We've received a lot of calls and text and emails and lunch invites from folks who love us and are essentially asking "What the hell are yall thinking? What's going on? How does living on a farm fit into living missionally??!" It's the summer and I don't blog a lot when my kids are all home, but thought that it might be time. Time to give some explanation to the folks who love us in Japan, Thailand and India asking the same questions that the ones are asking here in this city that has our heart.
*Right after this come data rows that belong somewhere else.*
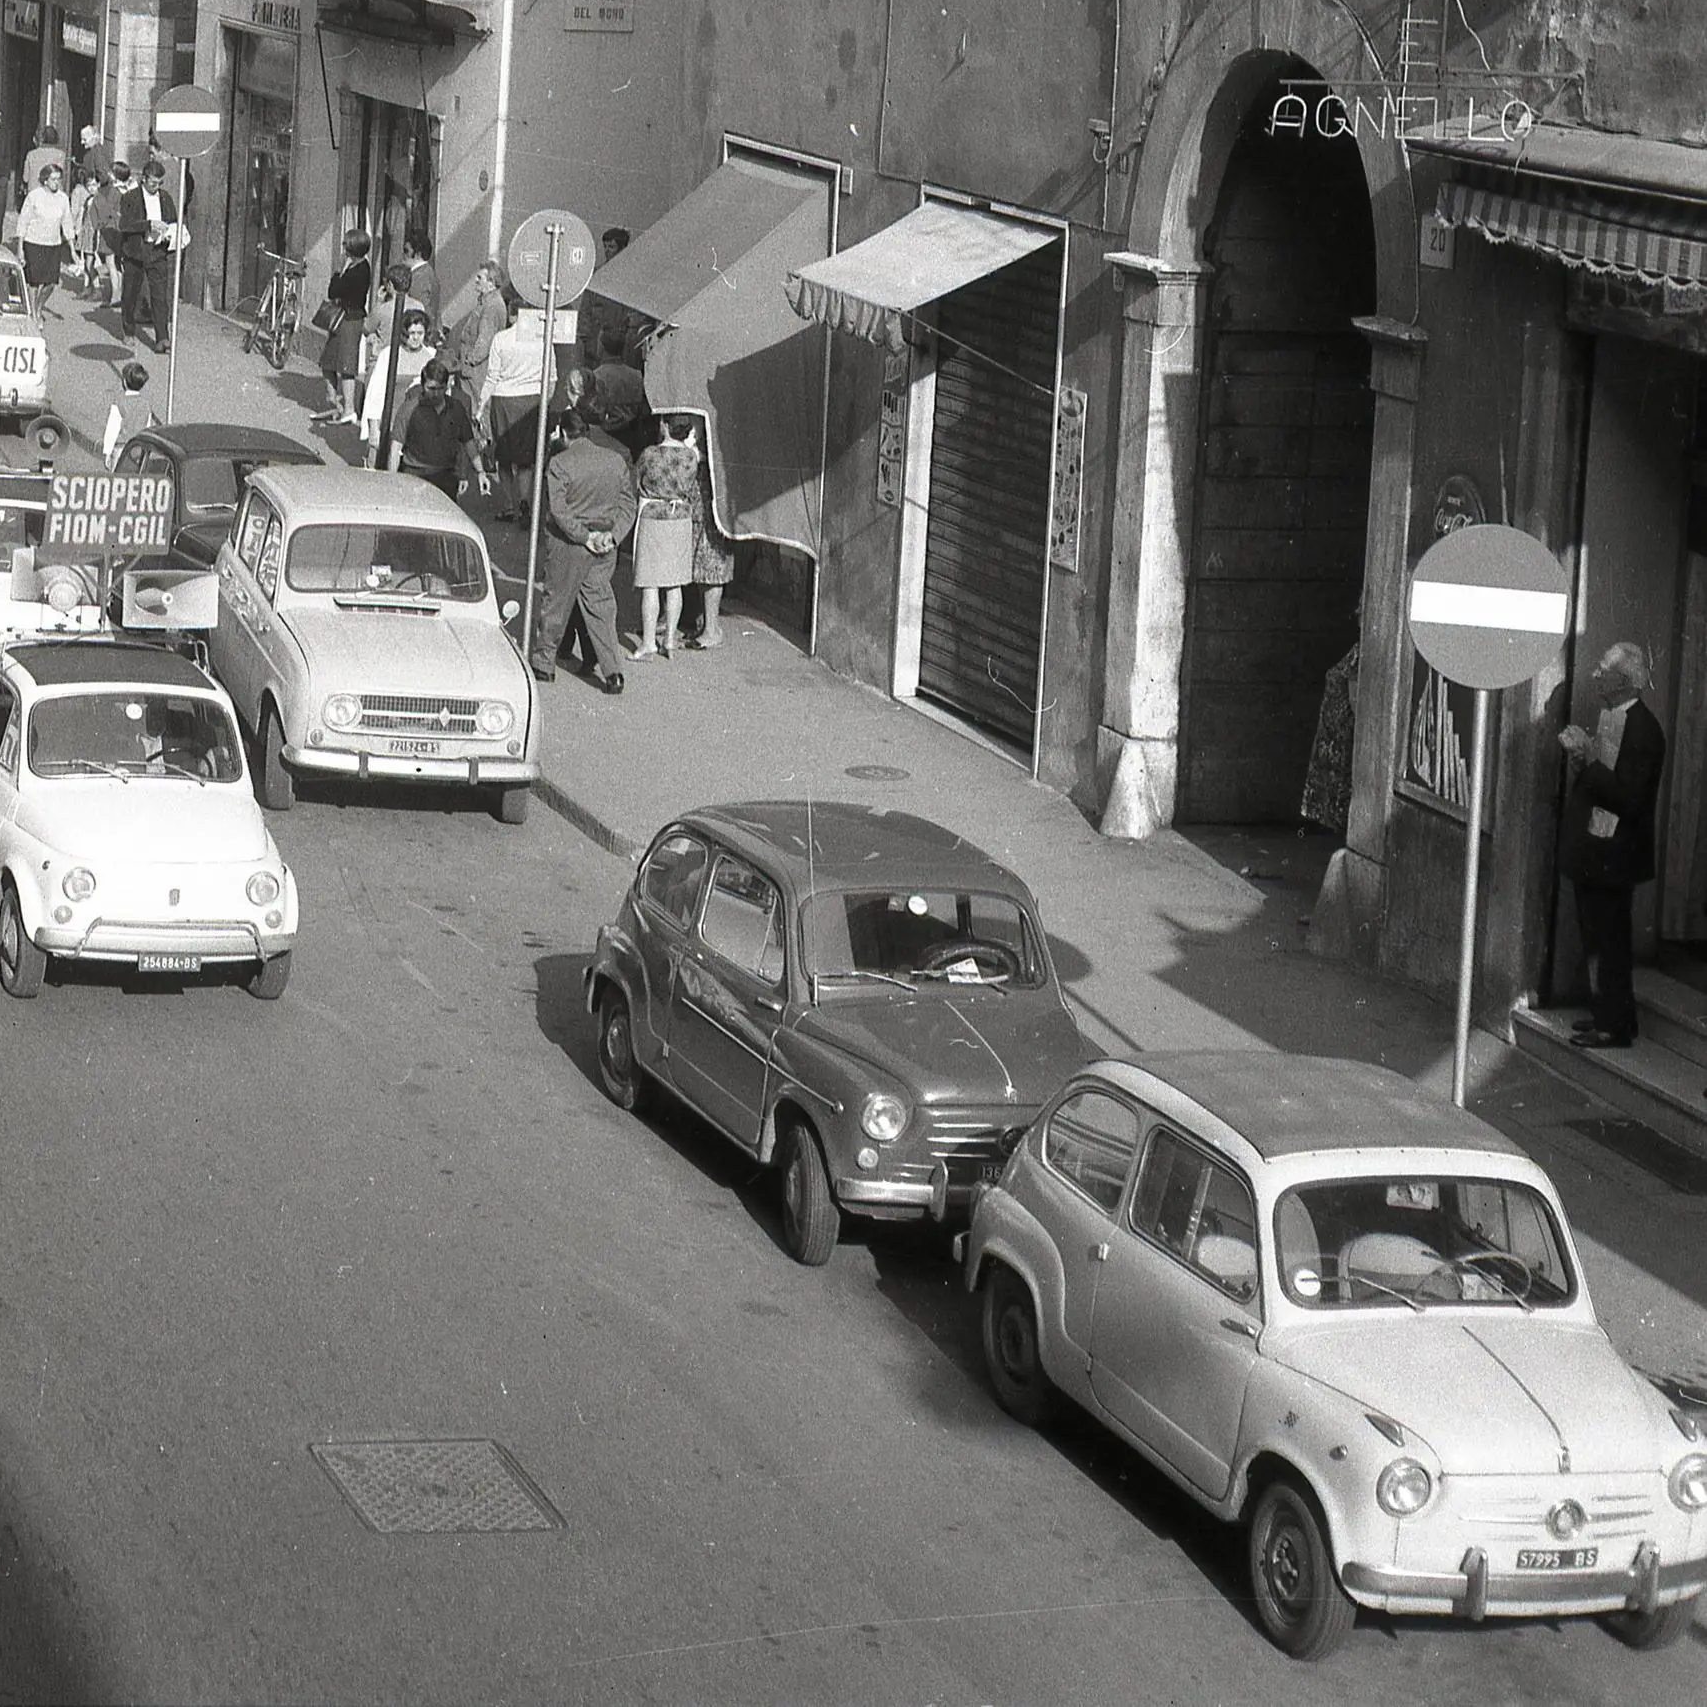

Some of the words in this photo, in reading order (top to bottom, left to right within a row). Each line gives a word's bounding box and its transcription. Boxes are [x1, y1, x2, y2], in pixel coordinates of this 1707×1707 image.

[574, 7, 591, 19] DEL
[1266, 93, 1533, 142] AGNELLO
[1429, 229, 1447, 253] 20
[50, 475, 171, 513] SCIOPERO
[48, 511, 167, 546] FIOM-CGIL
[1575, 1549, 1597, 1566] BS
We won't be able to get with everyone so this blog is second best...we're hating that, but here's our heart as best as it can be put down in black and white.

Here's the very short answer for those who like "sound bites" - We're moving to a farm in TN because we feel like Jesus is leading us that way.

But for the others who are like my fourth child who said at bedtime the other night, "SO. When I get to heaven I'm having a little chat with Jesus about alllll the details he left out of the Bible stories." LOL - I love that kid!!!


Have you ever been a part of something - maybe a school or a club or an organization or a family - and you start to change and it makes questions rise up to the surface for yourself and others? Anytime someone starts to change it can make others uncomfortable - even good change can be hard. What can be tricky is to allow yourself to change and still communicate love and respect to what you find yourself differentiating from. We LOVE the community and movement we have been a part of these past eight years. So very much, but we realize we are differentiating. 

To begin, we know we're complicated. :) #surprise! And we get it - we're not making a lot of sense to ourselves or anyone else. What family of 8 leads a discipleship training school, takes their family to Mongolia for a summer to start a training school there then comes home and decides they can't do it anymore? They can't even lead a small group. So they stop. That's not the logical next step. Packing up to church plant overseas? Makes total sense. Leaving the city and people we love to move to TN to buy a farm? Craziness. That would be us. #grace 

We love Jesus. A lot. But somewhere along the way our focus had gotten so skewed about what that meant. In His kindness Jesus began to deconstruct that focus a few years back. We knew something was wrong inside our hearts when we began to push down the longings we had had since we were dating as teens to have a place of rest in the country for people. Not just vocational ministers - there's plenty out there for those precious people to receive care, but people we really connect with - laity. 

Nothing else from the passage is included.